## PROBLEM
Please, from the entries below, transcribe exactly the lines that begin at the line with "this 1600×1200 image." and end at the line with "this 960×1280 image.", without the pictures.

══ DATA FOR THIS EXERCISE

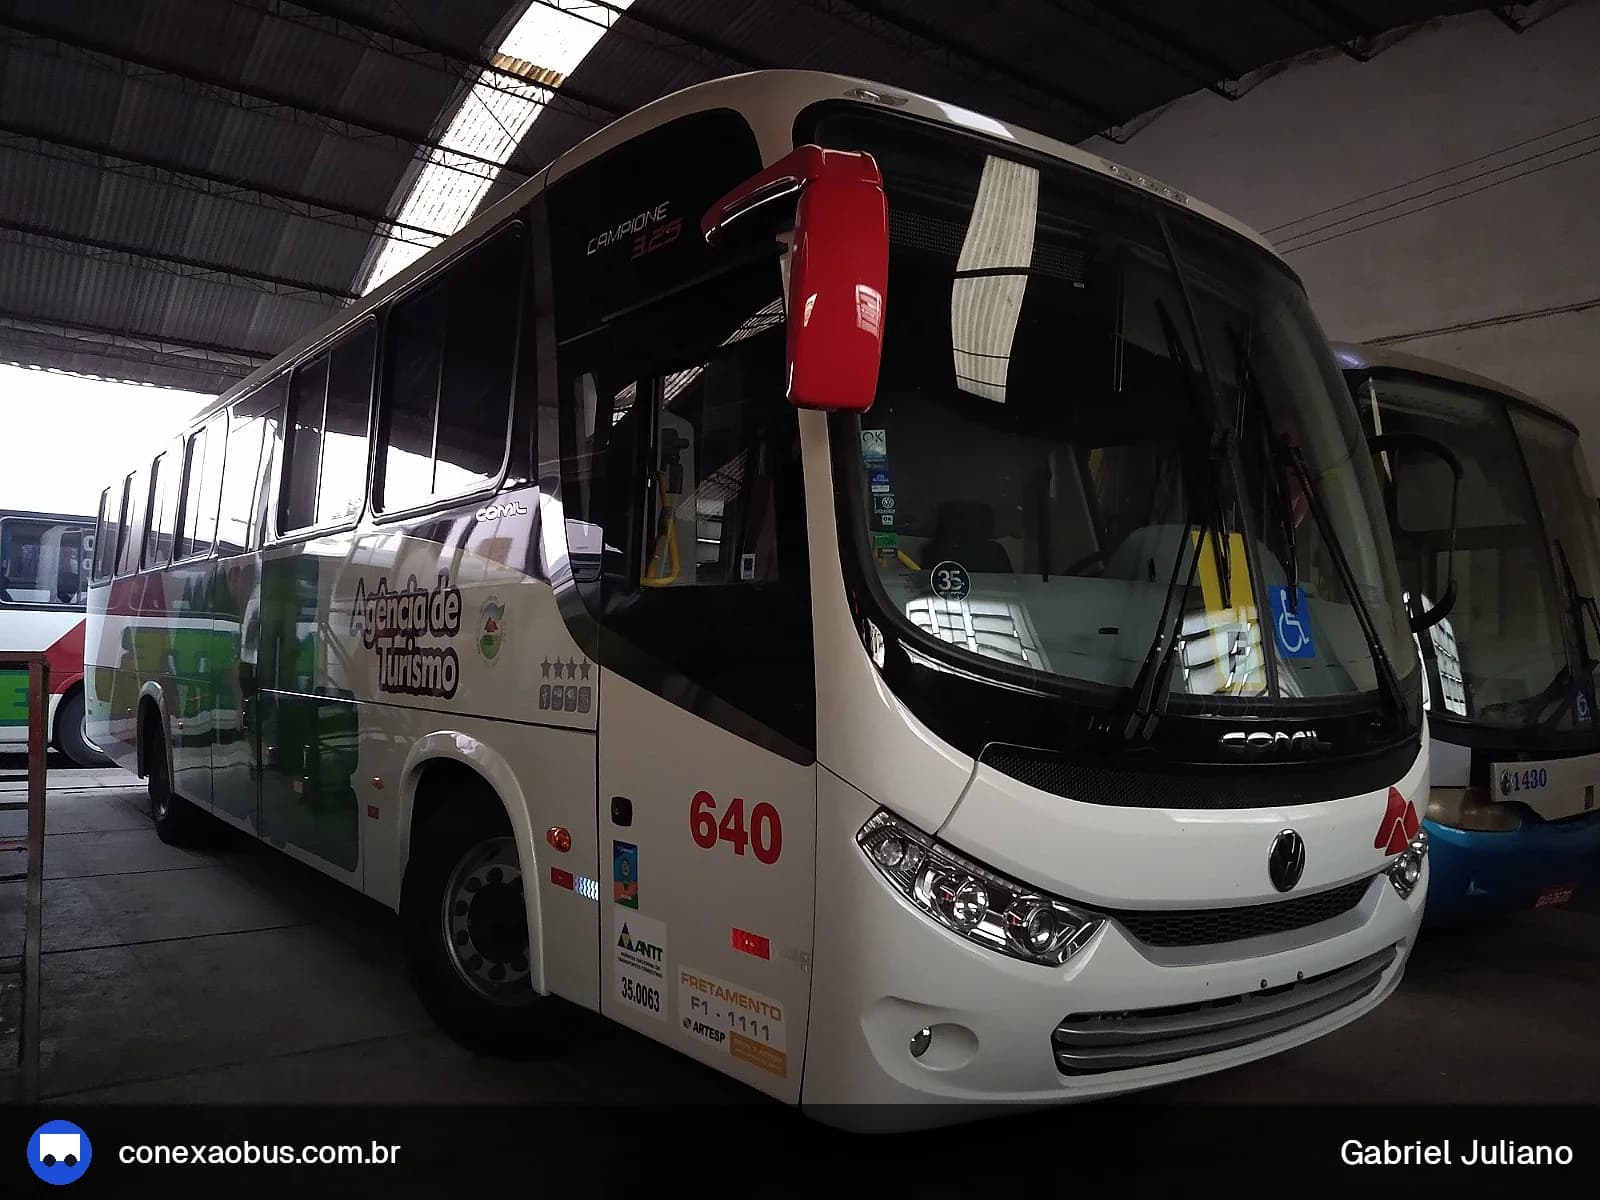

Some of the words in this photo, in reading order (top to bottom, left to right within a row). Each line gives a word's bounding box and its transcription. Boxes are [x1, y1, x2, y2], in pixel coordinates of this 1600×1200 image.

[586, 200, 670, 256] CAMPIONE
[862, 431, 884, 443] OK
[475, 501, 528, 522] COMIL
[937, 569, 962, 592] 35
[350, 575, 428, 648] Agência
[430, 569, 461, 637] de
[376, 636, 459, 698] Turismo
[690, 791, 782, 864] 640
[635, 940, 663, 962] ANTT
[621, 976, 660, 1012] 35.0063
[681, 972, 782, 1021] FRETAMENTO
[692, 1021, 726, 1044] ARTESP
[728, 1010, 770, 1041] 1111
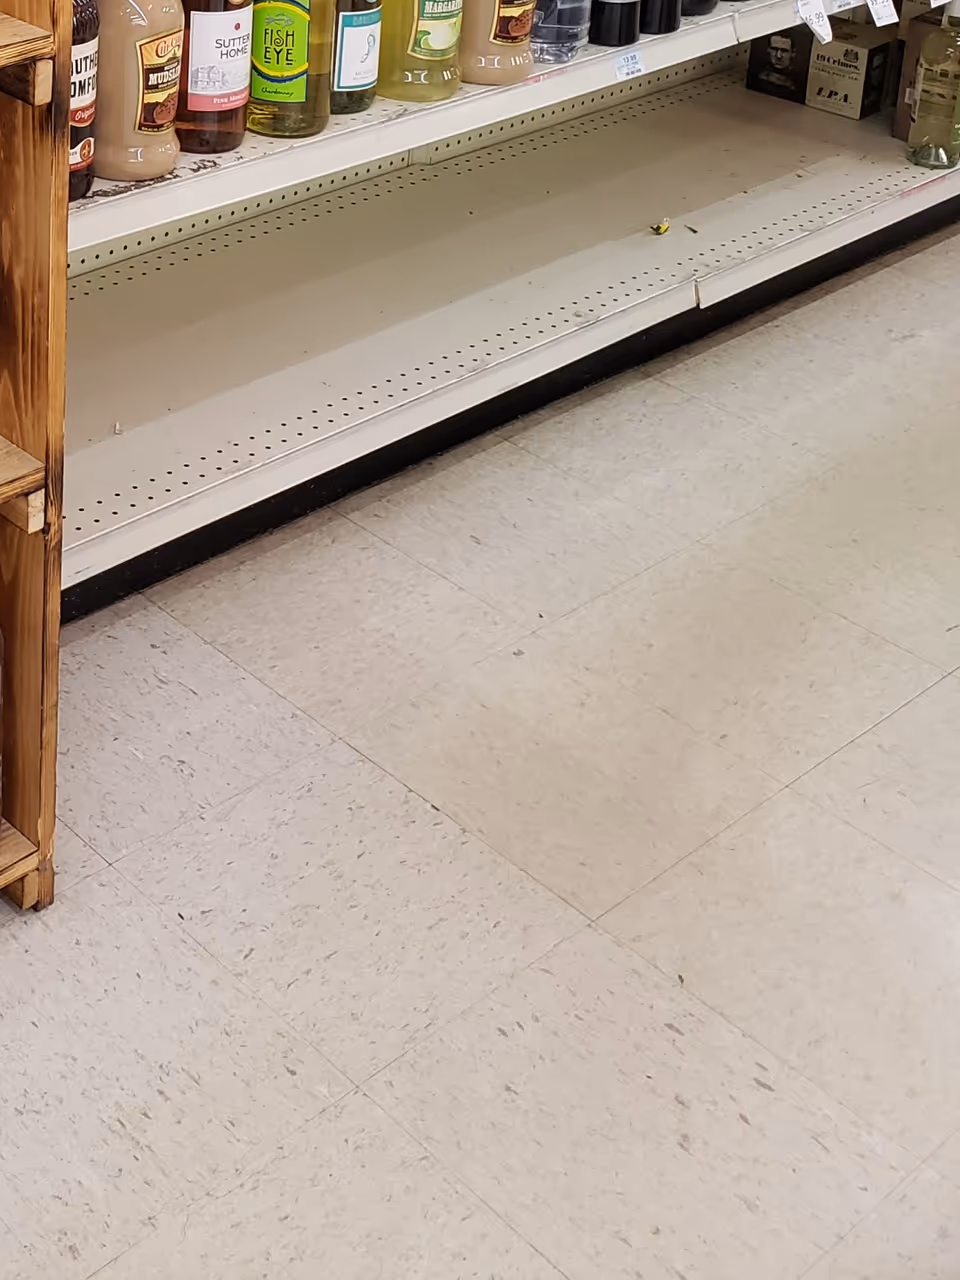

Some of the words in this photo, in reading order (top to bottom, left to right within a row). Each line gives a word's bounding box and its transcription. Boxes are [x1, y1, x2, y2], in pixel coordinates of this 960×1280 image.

════
══ DATA FOR THIS EXERCISE

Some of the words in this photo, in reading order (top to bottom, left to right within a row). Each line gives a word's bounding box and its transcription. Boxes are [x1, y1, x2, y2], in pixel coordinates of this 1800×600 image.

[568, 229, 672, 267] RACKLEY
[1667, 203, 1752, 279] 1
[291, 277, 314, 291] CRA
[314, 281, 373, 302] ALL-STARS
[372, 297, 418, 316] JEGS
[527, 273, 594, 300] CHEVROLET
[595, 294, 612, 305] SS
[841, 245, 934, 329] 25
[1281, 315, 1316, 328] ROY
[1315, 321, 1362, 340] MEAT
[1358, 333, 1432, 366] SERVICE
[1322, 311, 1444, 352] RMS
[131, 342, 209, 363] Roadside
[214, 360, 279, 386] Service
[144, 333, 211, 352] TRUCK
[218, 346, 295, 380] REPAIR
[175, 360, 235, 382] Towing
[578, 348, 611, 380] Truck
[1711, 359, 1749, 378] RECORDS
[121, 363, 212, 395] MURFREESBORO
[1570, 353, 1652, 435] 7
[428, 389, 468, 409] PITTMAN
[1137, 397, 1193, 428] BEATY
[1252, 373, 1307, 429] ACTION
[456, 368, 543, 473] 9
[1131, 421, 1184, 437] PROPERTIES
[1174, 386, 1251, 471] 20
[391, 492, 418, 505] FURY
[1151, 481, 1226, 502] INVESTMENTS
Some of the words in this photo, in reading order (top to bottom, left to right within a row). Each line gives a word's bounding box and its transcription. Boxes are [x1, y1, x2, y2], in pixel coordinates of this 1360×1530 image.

════

## THE COMPLETED TASK
Some of the words in this photo, in reading order (top to bottom, left to right within a row). Each line gives a word's bounding box and its transcription. Boxes are [x1, y1, x2, y2], in pixel coordinates of this 1600×1200 image.

[586, 200, 670, 256] CAMPIONE
[862, 431, 884, 443] OK
[475, 501, 528, 522] COMIL
[937, 569, 962, 592] 35
[350, 575, 428, 648] Agência
[430, 569, 461, 637] de
[376, 636, 459, 698] Turismo
[690, 791, 782, 864] 640
[635, 940, 663, 962] ANTT
[621, 976, 660, 1012] 35.0063
[681, 972, 782, 1021] FRETAMENTO
[692, 1021, 726, 1044] ARTESP
[728, 1010, 770, 1041] 1111

Some of the words in this photo, in reading order (top to bottom, left to right within a row). Each line gives a word's bounding box and its transcription. Boxes are [x1, y1, x2, y2], in pixel coordinates of this 960×1280 image.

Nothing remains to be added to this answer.